Two low passage genotypes of YFV from West Africa were used in these studies. The YFV BA-55 from Nigeria is representative of West African Genotype I and YFV DAK 1279 from Senegal is a West African Genotype II . YFV BA-55 was isolated from a human during an outbreak in Nigeria  and has been used in previous vector competence studies , . The DENV-2 isolate was from a sylvatic mosquito in Kedougou, Senegal (Table 2). YFV BA-55 and DAK 1279 were inoculated into Vero cells and DENV-2-75505 was inoculated into C6/36 cells to generate a virus stock. C6/36 cells were used for DENV-2-75505 to insure virus recovery because this isolate came from a mosquito and there was no data on the titer of the initial stock. The supernatants from these infections were clarified and aliquoted and stored in minimum essential media (MEM) with 20% fetal bovine serum (FBS) at −80°C for all subsequent use. Growth curves were performed on all viruses to determine the optimal number of days post-infection on which to harvest the virus for mosquito oral infection. For mosquito feeds, C6/36 cells were infected with DENV-2-75505 at a multiplicity of infection (MOI) of 0.001 or YFV BA-55 and DAK 1279 at an MOI of 0.01 and grown to a titer of approximately nine logs of plaque forming units (PFU) before being mixed with defibrinated sheep blood for a titer of approximately six logs for the mosquito feeds. The medium was removed from the C6/36 cells infected with DENV-2-75505 six days post-infection and replaced with fresh medium. Final virus was harvested 12 days post-infection and fed directly to mosquitoes.

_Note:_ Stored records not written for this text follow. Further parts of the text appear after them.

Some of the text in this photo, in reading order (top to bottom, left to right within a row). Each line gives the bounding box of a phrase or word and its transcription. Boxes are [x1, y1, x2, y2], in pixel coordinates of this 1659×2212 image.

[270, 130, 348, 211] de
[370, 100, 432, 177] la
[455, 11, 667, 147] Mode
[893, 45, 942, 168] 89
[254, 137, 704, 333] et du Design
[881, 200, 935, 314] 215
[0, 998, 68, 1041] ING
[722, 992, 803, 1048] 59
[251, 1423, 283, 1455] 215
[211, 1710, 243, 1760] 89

Both isolates of YFV were grown in C6/36 cells for five days before being harvested and fed directly to mosquitoes.
Groups of approximately 30 five to seven day old mosquitoes from each colony were exposed to a bloodmeal containing approximately six to seven logs of virus for 30 minutes. The bloodmeal titer was determined from the blood before the feed. Almost all of the mosquitoes fed within 10 minutes, so the pre-feed blood represents the bloodmeal titer ingested. Females that were not completely engorged and males were removed from the study immediately following the bloodmeal. The fully engorged female mosquitoes were held for 14 days at 28°C, 70–80% relative humidity, 12∶12 hour photoperiod, and were fed water and raisins under BSL3 containment. After 14 days, legs, heads/thoraces, and midguts were separated into individual tubes. Each tissue was triturated in 100 µL (legs and midguts) or 200 µL (heads/thoraces) minimum essential medium (MEM) media with 20% fetal bovine serum and 1.5 µg/ml Fungizone. Virus titer in each sample was determined by plaque assay. The manipulation of DENV-2-JAM1409 is very similar and was previously described .

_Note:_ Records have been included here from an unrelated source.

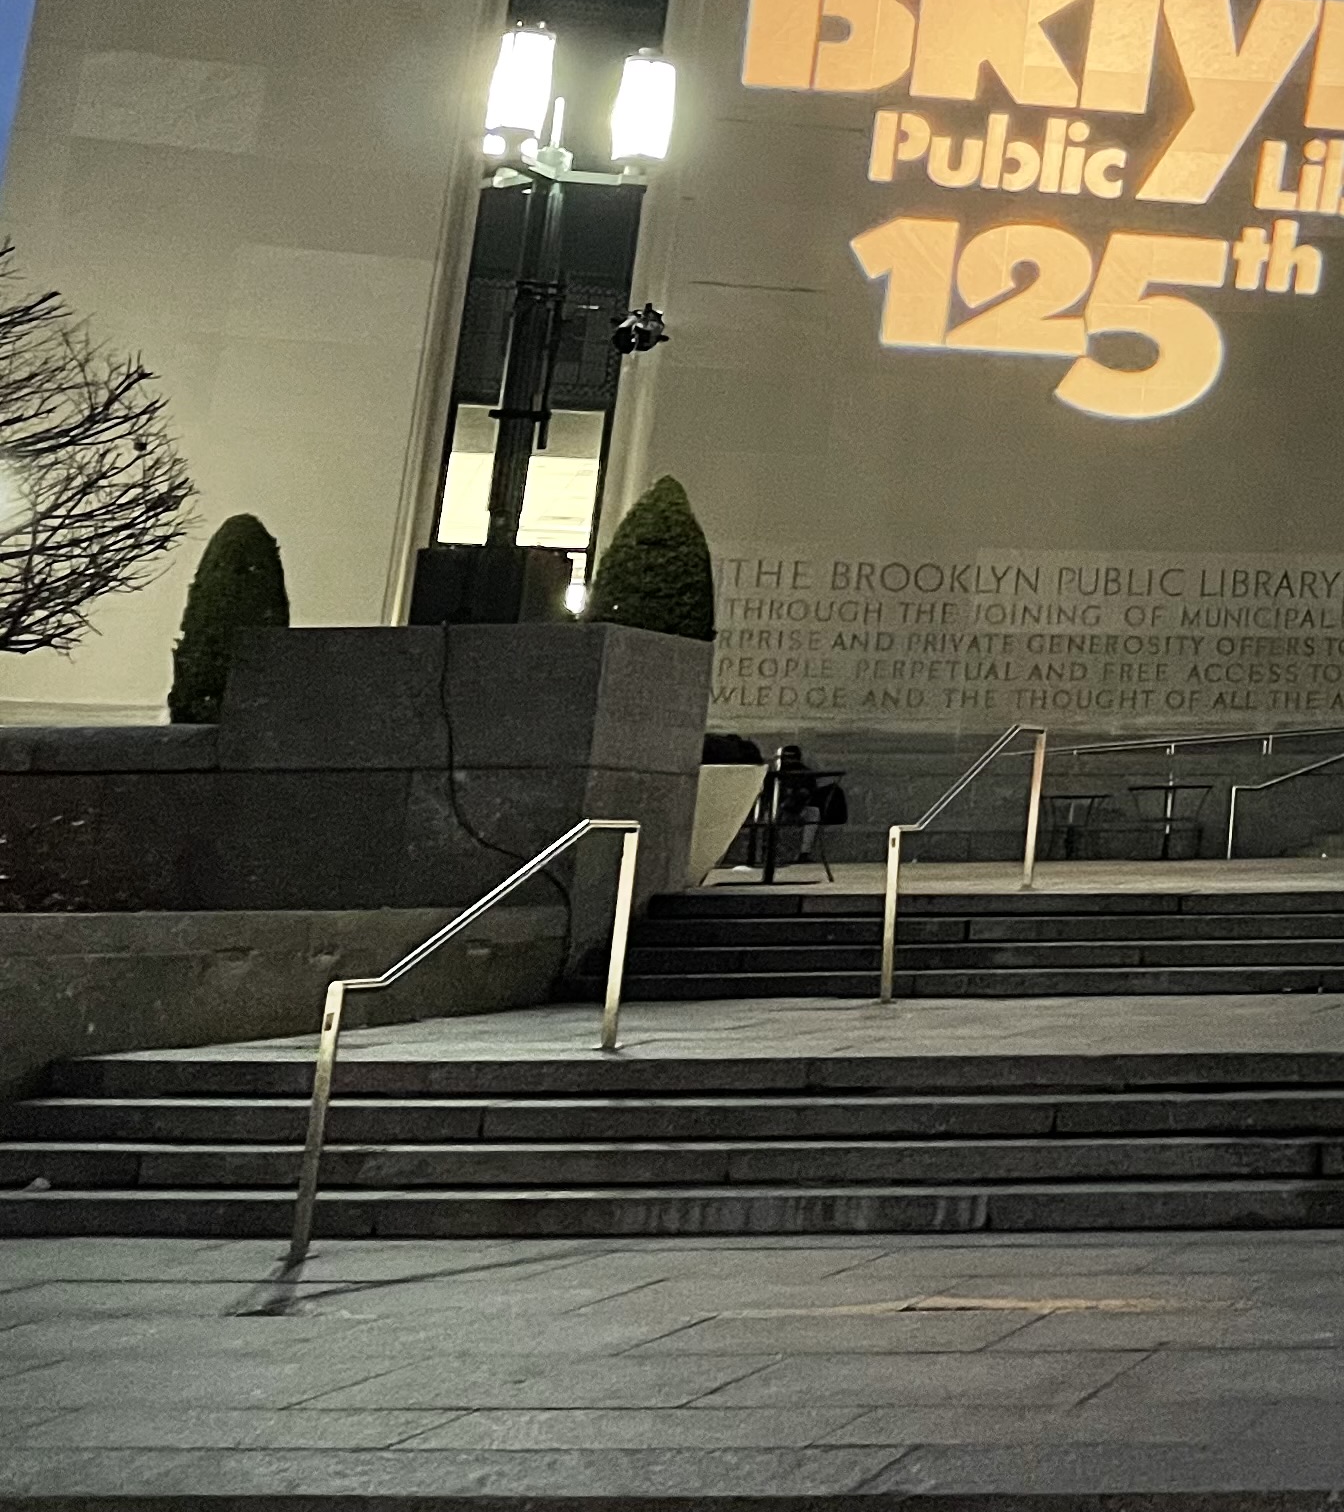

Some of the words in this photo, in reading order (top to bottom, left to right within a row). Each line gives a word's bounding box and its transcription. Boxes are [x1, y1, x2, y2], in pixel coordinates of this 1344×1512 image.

[868, 109, 1128, 198] Public
[728, 558, 811, 590] THE
[831, 560, 1040, 595] BROOKLYN
[1057, 565, 1185, 598] PUBLIC
[1199, 568, 1342, 600] LIBRARY
[725, 597, 884, 625] THROUGH
[900, 601, 958, 624] THE
[973, 602, 1101, 626] JOINING
[1123, 605, 1168, 627] OF
[1180, 605, 1336, 630] MUNICIPAL
[831, 631, 896, 653] AND
[907, 632, 1014, 654] PRIVATE
[1026, 633, 1204, 656] GENEROSITY
[1214, 635, 1316, 657] OFFERS
[717, 657, 834, 679] PEOPLE
[855, 658, 1020, 682] PERPETUAL
[1028, 661, 1088, 682] AND
[1101, 662, 1169, 683] FREE
[1186, 662, 1298, 684] ACCESS
[1311, 663, 1342, 683] TO
[862, 687, 926, 709] AND
[944, 688, 998, 710] THE
[1014, 689, 1156, 710] THOUGHT
[1165, 689, 1202, 710] OF
[1211, 690, 1259, 710] ALL
[1270, 690, 1323, 710] THE

All plaque assays were performed on Vero cells in 12-well tissue culture plates. When Vero cells reached 95% confluency, each triturated sample was diluted and added directly to the cells and allowed to incubate for 1 hour at 37°C. After 1 hour, the first overlay (19.6% 10× Earle's Buffered Salt Solution, 63.4% water, 6.6% Yeast extract-Lactalbumin hydrolysate, 4% fetal bovine serum, 6% sodium bicarbonate, 0.3% Gentamycin, and 0.3% Fungizone mixed 1∶1 with 2% SeaKem LE agarose) was applied. Four days post infection with either YFV isolate, or 7 days with DENV-2-75505, the second overlay (same as the first overlay plus 2.0 ml of Neutral Red per 100 ml overlay) was applied. Plaques were counted for 3 days following the addition of the second overlay. The plaque assays for DENV-2-JAM1409 were similar and have been previously described .

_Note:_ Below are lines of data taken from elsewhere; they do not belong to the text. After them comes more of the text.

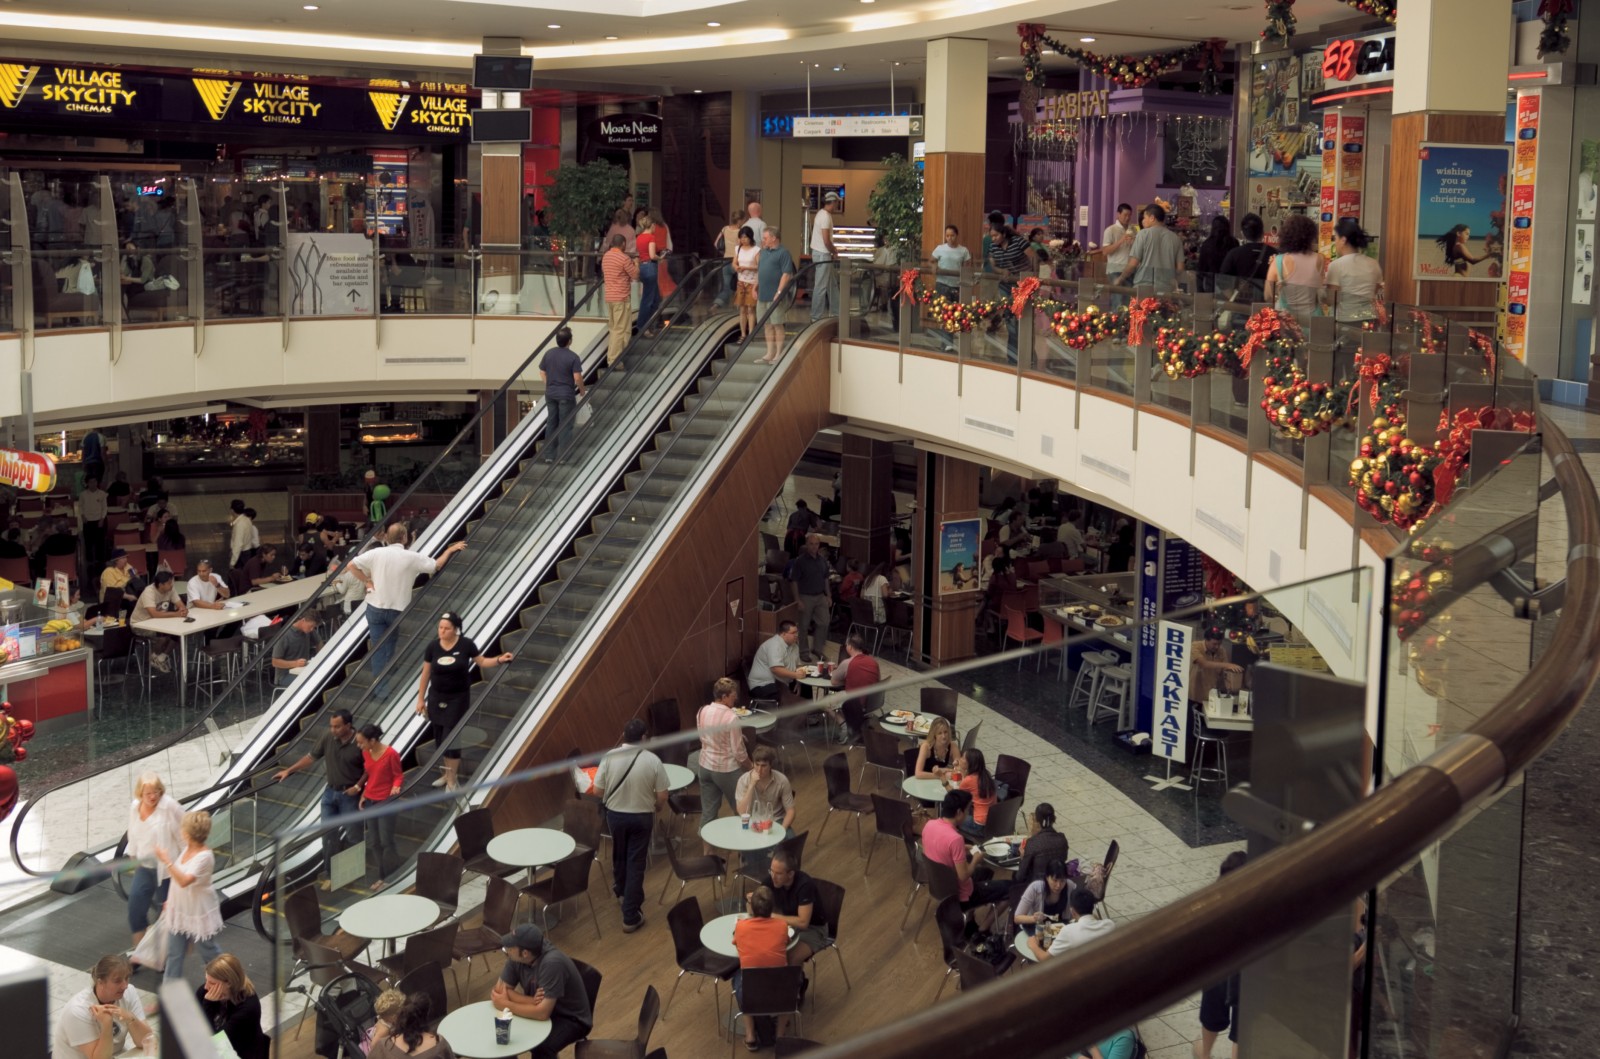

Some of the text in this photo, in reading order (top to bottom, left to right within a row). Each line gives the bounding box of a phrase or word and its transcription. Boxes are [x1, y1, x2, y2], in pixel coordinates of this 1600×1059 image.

[1322, 39, 1357, 81] EB
[54, 67, 122, 89] VILLAGE
[42, 84, 137, 106] SKYCITY
[253, 82, 309, 101] VILLAGE
[65, 103, 112, 114] CINEMAS
[243, 98, 322, 117] SKYCITY
[420, 95, 467, 113] VILLAGE
[1044, 89, 1110, 120] HABITAT
[262, 114, 301, 124] CINEMAS
[912, 120, 920, 131] 2
[426, 125, 460, 134] CINEMAS
[600, 121, 658, 135] Moa's Nest
[1436, 168, 1473, 177] wishing
[1441, 178, 1458, 186] you
[1440, 187, 1467, 195] merry
[1430, 195, 1476, 204] christmas
[0, 452, 35, 490] hippy
[1160, 627, 1185, 758] BREAKFAST

For each collection, disseminated infection (DI), midgut escape barrier (MEB) rates, and midgut infection barrier (MIB) rates were calculated. The number of mosquitoes with a DI is the number of mosquitoes with virus in the head/thorax or legs divided by the total number of bloodfed mosquitoes. The MEB rate is the number of mosquitoes without virus in the head/thorax or legs divided by the total number of midgut infected mosquitoes, and MIB is the number of mosquitoes without virus in the midgut divided by the total number of bloodfed mosquitoes. Proportions of infected mosquitoes were compared among collection sites (villages) and among viral isolates by calculating Bayesian 95% Highest Density Intervals (95% HDI) using WinBUGS 1.4  and an analysis of contingency tables script (Box 6.13 in ). Mean virus titers were compared among isolates at each of four locations using a one way ANOVA script (Box 6.1 in ) run with WinBUGS and comparing 95% HDI among isolates. We used two-way ANOVA in R [model = summary(aov (Midgut∼Virus*Village))] to test for significant virus by village interactions. Correlation analyses were also performed in R [cor.test (BloodmealTiter, ProportionDisseminated)].
Vector competence was measured in 647 mosquitoes and each village-virus combination represented 14–30 mosquitoes (mean = 28 and median = 30). Due to the necessity of using freshly grown YFV , it was difficult to obtain identical titers in all bloodmeals. Nevertheless, bloodmeal titers were not correlated with the midgut infection (MI) rate or disseminated infection (DI) for YFV BA-55 (MI: Pearson Correlation Coefficient (r) = 0.008; DI: r = 0.18). Correlation analysis was not performed for the other three viruses because only one or two bloodmeal titers were used. In some collections, legs were used instead of the head/thorax to measure disseminated infection with YFV BA-55. But the tissue analyzed did not affect either comparisons of infection frequencies or titers. The infection frequencies (r = 0.97, P = 0.03) and titers (r = 0.87, P = 0.01) whether assaying legs or heads were strongly correlated. This correlation analysis was performed on infection data from head/thorax or legs of mosquitoes from the same collection sites infected with YFV BA-55.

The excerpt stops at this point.